Thursday, January 04, 2007

The Right Minimum Wage

George Will (emphasis mine):

A federal minimum wage is an idea whose time came in 1938, when public confidence in markets was at a nadir and the federal government's confidence in itself was at an apogee. This, in spite of the fact that with 19 percent unemployment and the economy contracting by 6.2 percent in 1938, the New Deal's frenetic attempts had failed to end, and perhaps had prolonged, the Depression.

Today, raising the federal minimum wage is a bad idea whose time has come, for two reasons, the first of which is that some Democrats have an evidently incurable disease -- New Deal Nostalgia. Witness Nancy Pelosi's "100 hours" agenda, a genuflection to FDR's 100 Days. Perhaps this nostalgia resonates with the 5 percent of Americans who remember the 1930s.

Most of the working poor earn more than the minimum wage, and most of the 0.6 percent (479,000 in 2005) of America's wage workers earning the minimum wage are not poor. Only one in five workers earning the federal minimum lives in families with earnings below the poverty line. Sixty percent work part time, and their average household income is well over $40,000. (The average and median household incomes are $63,344 and $46,326, respectively.)
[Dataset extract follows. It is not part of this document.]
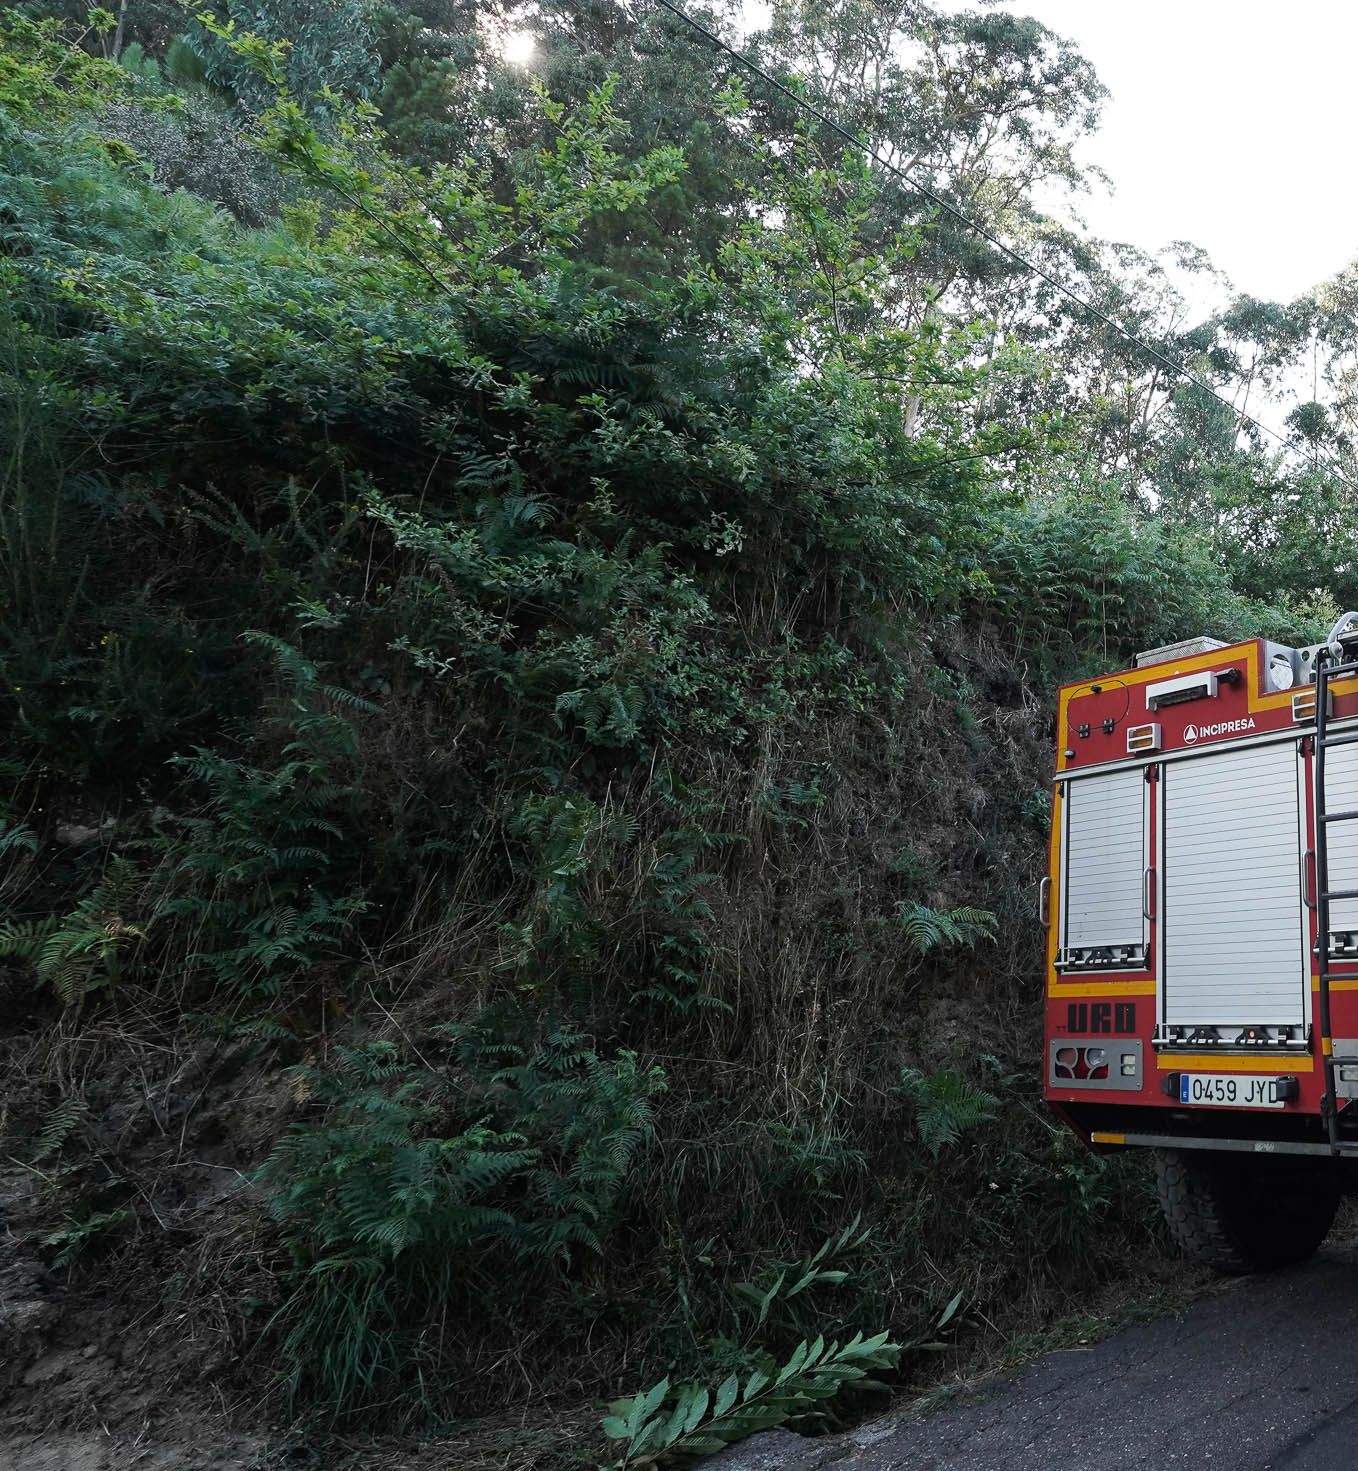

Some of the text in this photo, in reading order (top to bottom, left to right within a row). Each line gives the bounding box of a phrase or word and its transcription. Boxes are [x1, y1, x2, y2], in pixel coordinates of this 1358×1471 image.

[1200, 718, 1256, 738] INCIPRESA
[1067, 1003, 1136, 1033] URO
[1192, 1078, 1279, 1104] 0459 JYD
Forty percent of American workers are salaried. Of the 75.6 million paid by the hour, 1.9 million earn the federal minimum or less, and of these, more than half are under 25 and more than a quarter are between ages 16 and 19. Many are students or other part-time workers. Sixty percent of those earning the federal minimum or less work in restaurants and bars and earn tips -- often untaxed, perhaps -- in addition to wages. Two-thirds of those earning the federal minimum today will, a year from now, have been promoted and be earning 10 percent more. Raising the minimum wage predictably makes work more attractive relative to school for some teenagers and raises the dropout rate.

Hmm... does this may mean raising the minimum wage actually lowers the life expectancy of some?

Ronald Blackwell, the AFL-CIO's chief economist, tells the New York Times that state minimum-wage differences entice companies to shift jobs to lower-wage states. So: States' rights are bad, after all, at least concerning -- let's use liberalism's highest encomium -- diversity of economic policies.

The problem is that demand for almost everything is elastic: When the price of something goes up, demand for it goes down. Obviously were the minimum wage to jump to, say, $15 an hour, that would cause significant unemployment among persons just reaching for the bottom rung of the ladder of upward mobility. But suppose those scholars are correct who say that when the minimum wage is low and is increased slowly -- proposed legislation would take it to $7.25 in three steps -- the negative impact on employment is negligible. Still, because there are large differences among states' costs of living and the nature of their economies, Sen. Jim DeMint (R-S.C.) sensibly suggests that each state be allowed to set a lower minimum.

But the minimum wage should be the same everywhere: $0. Labor is a commodity; governments make messes when they decree commodities' prices. Washington, which has its hands full delivering the mail and defending the shores, should let the market do well what Washington does poorly.

Russ Roberts comments:

[M]y favorite word is in the next to last paragraph—"scholars." Notice that he didn't say economists. I don't think it's a coincidence.

Neither do I.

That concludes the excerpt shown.